# surprising labour ban help



## Laowei (Nov 29, 2009)

long story short i worked for a large US corporation (company A)since Nov 2011, although my visa started 28th Jan 2012. Last year the company sold the division i work for, but we were kept on their visa until end of Jan this year when my visa expired. From visa expiry to cancellation there was a dely of 3 days although no fine was imposed. I worked for company A for 2 years 2 months.

I work in Oil and Gas and prior to applying for new Dubai visa it was arranged for me to apply for a mission visa through our client so i can apply for CNIA pass to visit site in AD. This was because of quality issues that i need to deal with. If you have a Dubai visa you cannot get a CNIA pass for AD. So timing seemed good to finally visit site. I have just received note back from our client that i have a 6 month labour ban in place so they cannot apply for mission visa. I spoken to my previous company and they havent applied a ban and relationships with them, new company and myself are good.
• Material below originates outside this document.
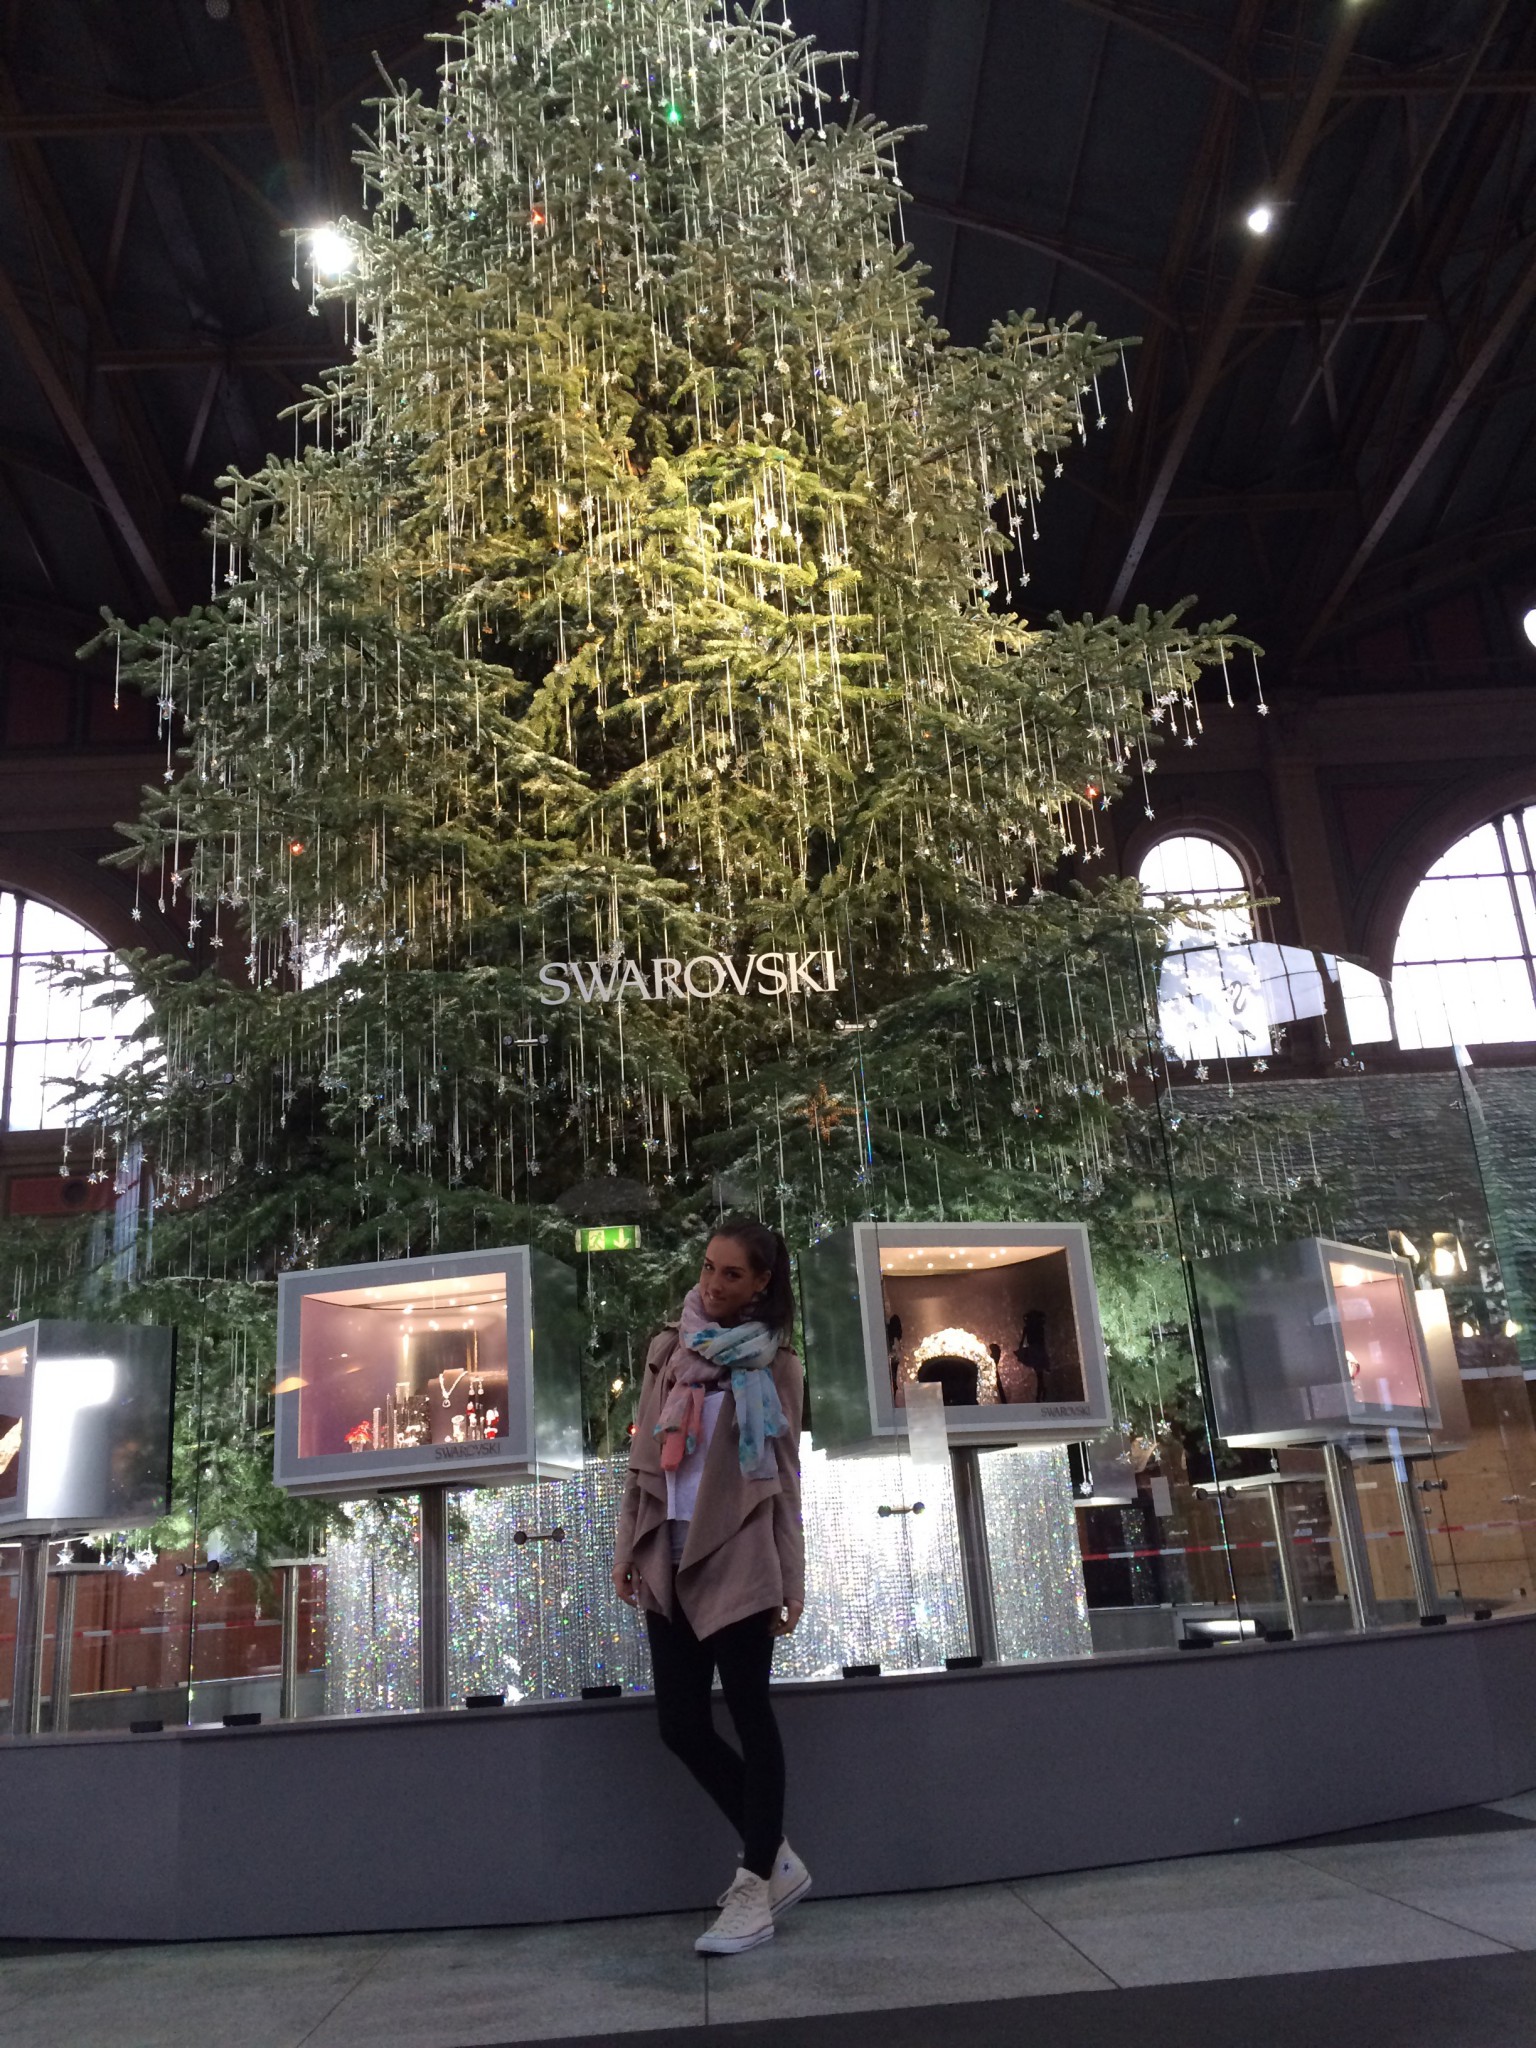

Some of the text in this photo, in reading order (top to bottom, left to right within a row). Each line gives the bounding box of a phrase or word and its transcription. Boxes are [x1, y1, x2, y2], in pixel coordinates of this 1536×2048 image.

[538, 950, 839, 1005] SWAROVSKI
[1040, 1406, 1091, 1418] SWAROVSKI
[435, 1442, 501, 1460] SWAROVSKI
The ban can be lifted if i provide a) secondary school cert ( i left school 38 years ago and havent a clue where this is or B) Uni cert, again i went down the apprenticehip route and learned reality rather than theory.

Freaked me out a bit as the new company i wiill work for (company B) i set the company up and am GM on the business license. Salary is in excess of 12K per year. Company A is non FZE but company B is FZE, our client who applied for mission visa is non FZE.
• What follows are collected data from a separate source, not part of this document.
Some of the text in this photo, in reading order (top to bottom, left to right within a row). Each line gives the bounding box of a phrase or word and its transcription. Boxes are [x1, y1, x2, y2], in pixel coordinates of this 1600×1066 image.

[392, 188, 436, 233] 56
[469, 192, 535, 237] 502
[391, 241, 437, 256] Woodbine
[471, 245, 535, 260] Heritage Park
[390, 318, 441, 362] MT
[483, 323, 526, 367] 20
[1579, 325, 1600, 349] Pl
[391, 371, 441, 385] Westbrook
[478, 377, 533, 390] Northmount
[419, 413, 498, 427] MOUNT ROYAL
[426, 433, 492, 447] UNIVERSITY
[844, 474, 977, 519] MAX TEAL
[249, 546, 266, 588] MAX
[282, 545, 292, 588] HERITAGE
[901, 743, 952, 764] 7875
Tomorrow my old PRO will go to MOL to see if ban can be lifted but in the meantime looks like i will need a few stiff ones tonight to sleep. Any one had similiar experience or know any reason why a ban would be applied? got me freaked out to say the least


----------



## Stevesolar (Dec 21, 2012)

Hi,
Sorry but your post is a little confusing - but if your new company is in a Freezone - I don't believe that a labour ban applies - maybe others will be along to confirm this.
Cheers
Steve


----------



## Safwanish (Jan 29, 2014)

Only company A's PRO can lift the ban. I don't know why you were suggested that providing school transcript would somehow lift the ban?

When you come to Dubai on your first visa, you sign a 2-year contract with the company. If you break the contract within that period, you are automatically banned to come back in UAE for 6 months. Or employer/company PRO can himself impose the ban and cancel the visa. Not sure which one is the case here.


----------



## Laowei (Nov 29, 2009)

hi steve, new company is in freezone, but i havent applied for residency yet as i need a mission visa to get a CNIA pass, this enables access to government controlled sites such as oil storage terminal. This was applied through an EPC contractor which is not freezone. A mission visa is effectively a temporary visa.
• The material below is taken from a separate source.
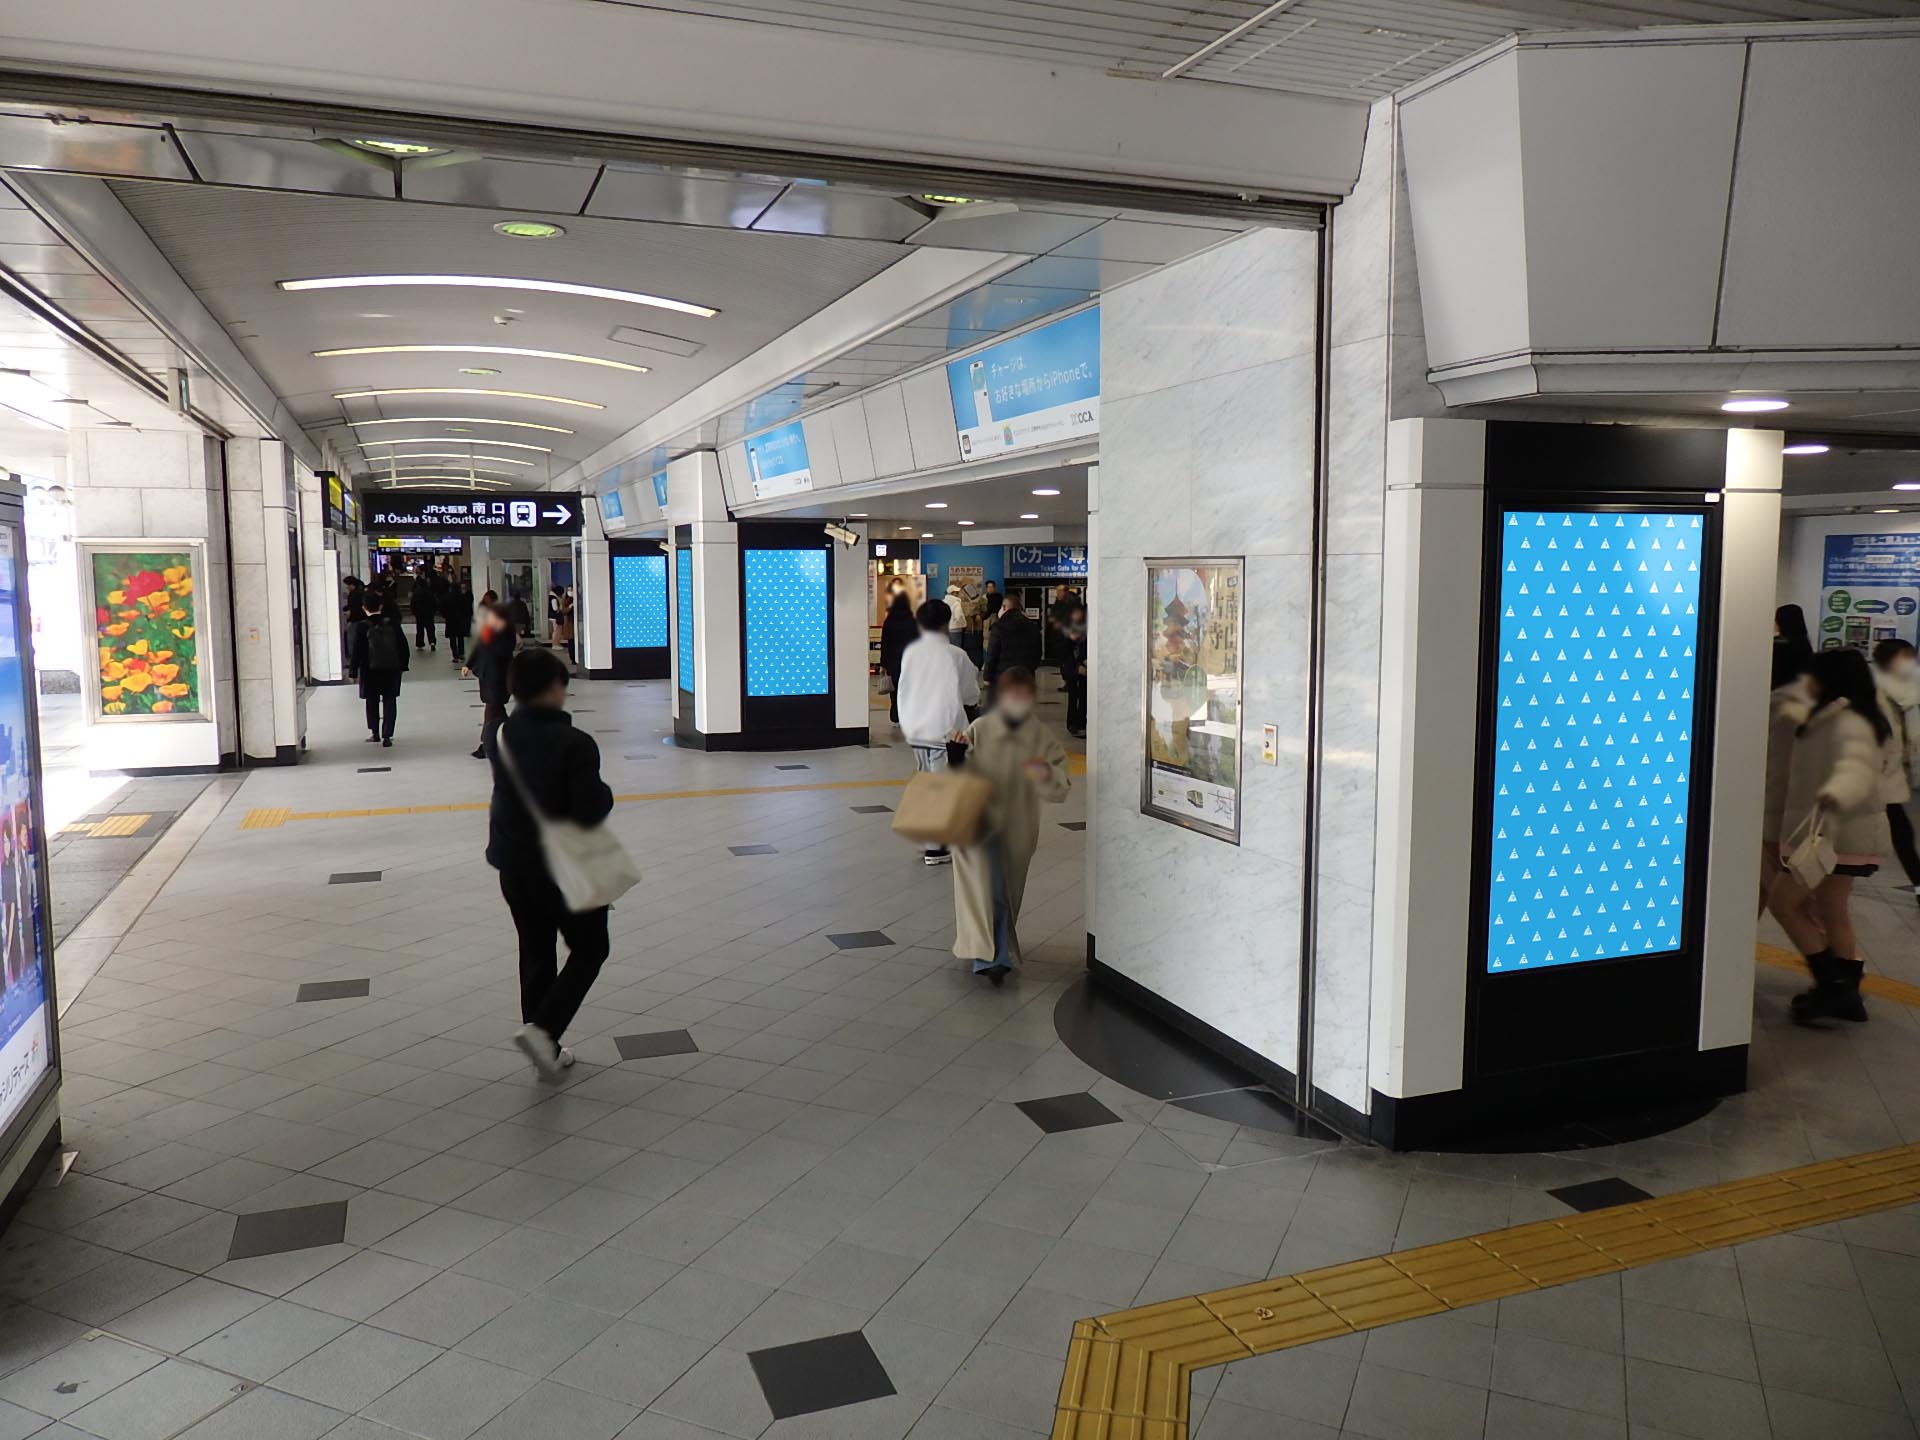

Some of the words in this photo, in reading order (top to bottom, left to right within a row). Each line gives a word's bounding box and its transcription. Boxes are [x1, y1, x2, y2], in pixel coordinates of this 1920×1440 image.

Saf, I have worked for the company for more than 2 years, so thats not an issue. With regard to the secondary school cert, firstly its 33 years since i left school and not 38, ageing myself. i have been told if i provide my school certs the ban will be lifted. Friggin stupid as ive been a manager for the last 20years and have sourced close to 40million aed in UAE this years alone.I have spoken to my old PRO he is going to MOL tomorrow, i noticed earlier on my cancellation form the word "ban" on there with some arabic. The PRO reckons that the cancellation was normal and no ban was sought. Lets see what tomorrow brings

worst case i can go to AQA in the uk to get copies of my certs, spoke to my old school but as i left in 1981 before the age of computers my records no longer exist, but AQA keep 'O'Levels cert for ever.


----------



## uberkoen (Sep 12, 2013)

Laowei said:


> hi steve, new company is in freezone, but i havent applied for residency yet as i need a mission visa to get a CNIA pass, this enables access to government controlled sites such as oil storage terminal. This was applied through an EPC contractor which is not freezone. A mission visa is effectively a temporary visa.
> 
> Saf, I have worked for the company for more than 2 years, so thats not an issue. With regard to the secondary school cert, firstly its 33 years since i left school and not 38, ageing myself. i have been told if i provide my school certs the ban will be lifted. Friggin stupid as ive been a manager for the last 20years and have sourced close to 40million aed in UAE this years alone.I have spoken to my old PRO he is going to MOL tomorrow, i noticed earlier on my cancellation form the word "ban" on there with some arabic. The PRO reckons that the cancellation was normal and no ban was sought. Lets see what tomorrow brings
> 
> worst case i can go to AQA in the uk to get copies of my certs, spoke to my old school but as i left in 1981 before the age of computers my records no longer exist, but AQA keep 'O'Levels cert for ever.


Nothing to worry about I reckon. The PRO will solve the issue tomorrow morning. Probably an error by the MOL


----------



## Gavtek (Aug 23, 2009)

Laowei said:


> I have spoken to my old PRO he is going to MOL tomorrow, i noticed earlier on my cancellation form the word "ban" on there with some arabic. The PRO reckons that the cancellation was normal and no ban was sought. Lets see what tomorrow brings.


I guarantee the system will be down.


----------



## saraswat (Apr 28, 2012)

Your PRO should be able to resolve the issue, but in case the authorities insist on documentation for removal of the ban; in-leiu of degree certificates etc, you also have the option to submit valid work experience documentation. 

If you have more than 10-12 years of experience within your field then you do satisfy the educational requirements needed to have the ban removed. Just FYI, maybe something you and your PRO can look into, in case this still persists.


----------



## Laowei (Nov 29, 2009)

saraswat said:


> Your PRO should be able to resolve the issue, but in case the authorities insist on documentation for removal of the ban; in-leiu of degree certificates etc, you also have the option to submit valid work experience documentation.
> 
> If you have more than 10-12 years of experience within your field then you do satisfy the educational requirements needed to have the ban removed. Just FYI, maybe something you and your PRO can look into, in case this still persists.


Thanks Saraswat, i suggested this to our client as my resume is pretty good even if i do say so myself. will update later, just waiting for the call.


----------



## Nix2012 (May 18, 2012)

I don't think the ban will be there


----------



## Laowei (Nov 29, 2009)

after a couple of days of nervous waiting think ive finally got to the bottom of this. 

It appears that when i set the new brancjh office up in DWC i submitted copies of my passport, board resolutions and other documents and these were used to register me as the GM of the branch office. Now although i havent started the visa process yet, my file (immigration, labour not sure which one) is marked that i am GM of the fze company in DWC. 

When our client applied for a mission visa it picked up that i was working in DWC since 6th January. The ban came in after applying for a second visa, only 2 months after registering at DWC. In fact even though the word ban is mentioned its not a ban it more to do with my file being blocked and not allowing application for a second visa (even though i havent got my first yet) confused? 

I have been advised by our old PRO to go to MOL on Sunday explain the need for a short term mission visa and see if i can get my file unlocked. If not then just means i cant apply for mission visa but application for visa at DWC would be fine as no ban in place there.


----------